I guess we're on a Christmas hiatus here, sort of. Meanwhile, here's something that caught my eye:

Woman Fired For Writing a Book at Work. Hey -- JRL wrote his second book at work, in between answering the phone and taking admission at an art museum. How many other books were written on the clock? Many! It's a fine tradition. She should have been more stealthy. (Note to my boss, Gary: I wouldn't think of it.)

9 comments:

Anonymous said...

Bosses everywhere raise an eyebrow; workers everywhere wonder if they remembered to get that draft off of the printer before leaving for Christmas. Ha!

Hope you're enjoying the holiday...

5 Red Pandas said...

The worst part of the thing isn't her getting fired, it's her being denied unemployment benefits while she finds a new job. Ouch.

One of my bosses in publishing was terribly afraid that I was doing personal work at work. She became irate if I typed too fast. Needless to say, I've never looked back since I left the industry.

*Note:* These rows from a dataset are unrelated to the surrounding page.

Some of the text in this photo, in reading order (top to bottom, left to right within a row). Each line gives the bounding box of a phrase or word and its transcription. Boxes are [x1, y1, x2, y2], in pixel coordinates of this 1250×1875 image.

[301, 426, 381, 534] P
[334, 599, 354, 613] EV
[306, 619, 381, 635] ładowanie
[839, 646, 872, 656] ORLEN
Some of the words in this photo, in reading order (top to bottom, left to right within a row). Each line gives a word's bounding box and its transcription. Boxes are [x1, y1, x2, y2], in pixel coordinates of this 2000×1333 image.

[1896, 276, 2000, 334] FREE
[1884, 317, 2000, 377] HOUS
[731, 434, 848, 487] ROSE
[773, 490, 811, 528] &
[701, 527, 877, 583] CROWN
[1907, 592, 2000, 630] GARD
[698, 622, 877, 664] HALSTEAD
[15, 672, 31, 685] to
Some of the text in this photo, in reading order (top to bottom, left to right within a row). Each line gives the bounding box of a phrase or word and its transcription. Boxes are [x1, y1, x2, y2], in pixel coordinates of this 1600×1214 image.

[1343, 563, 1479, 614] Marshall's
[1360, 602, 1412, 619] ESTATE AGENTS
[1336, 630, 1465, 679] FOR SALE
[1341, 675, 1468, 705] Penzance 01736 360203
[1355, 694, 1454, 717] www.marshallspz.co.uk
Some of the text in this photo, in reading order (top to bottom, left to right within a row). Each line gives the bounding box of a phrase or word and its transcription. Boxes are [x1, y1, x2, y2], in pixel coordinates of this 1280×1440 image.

I wonder how stealthy you can even be these days because if a company really wants to monitor everything you do, all they have to do is install software on your computer to see what you're doing, while you do it. My friend has that installed on his father's computer so he can go into the computer and fix things remotely instead of trying to understand what his problem is over the phone. Because of this he's had the misfortune of seeing what porn his father is trolling on the 'net.

Anonymous said...

What? Not write at work?

At work, when I write I'm not distracted by the dogs, I'm not jumping up to fix something to eat, I'm not managing my fantasy football team, I'm not thinking about the yard, I'm not downloading porn, and I'm not playing sudoku.

I get WAY more writing done at work. If I ever get published and quit my day job, I'm in trouble.

Anonymous said...

I suspect most American novels are presently written at temp jobs.

See, her mistake was writing on her work computer. I did all my writing on notepads and later on my own laptop. Of course, my boss would always walk in and say, "How's the book coming?" So I probably didn't have a typical job...I even thanked the museum in the acknowledgements!

Writer, Rejected said...

I love this blog.

5 Red Pandas said...

When I temped for B&N at one of their corporate offices here in NY, one of the temp bosses said to a temp- "If I catch you using this phone again I'm going to use this cord and choke you until you can't breathe anymore."

If you get a good low key gig though, it can be pretty productive as far as writing goes.

Anonymous said...

Teaching is good - you can make the kids do silent reading and write away. Of course, I am only joking.

Andrew Ervin said...

I think Vollmann wrote his first novel while working as an office monkey. Does that sound right?

Anonymous said...

I didn't know that about Vollman, but like I said--I'm willing to bet it's so common that it's hardly even worth mentioning. What would be remarkable is somebody saying they worked on their first novel every night when they got home from a 12-hour day at the office. Most people I know who tried that one just gave up.

Writers need writer jobs--the kind where you're given a finite amount of work to do in a day, and are left alone to do it. And then you finish it by 10:30 and spend the rest of the time doing your real work.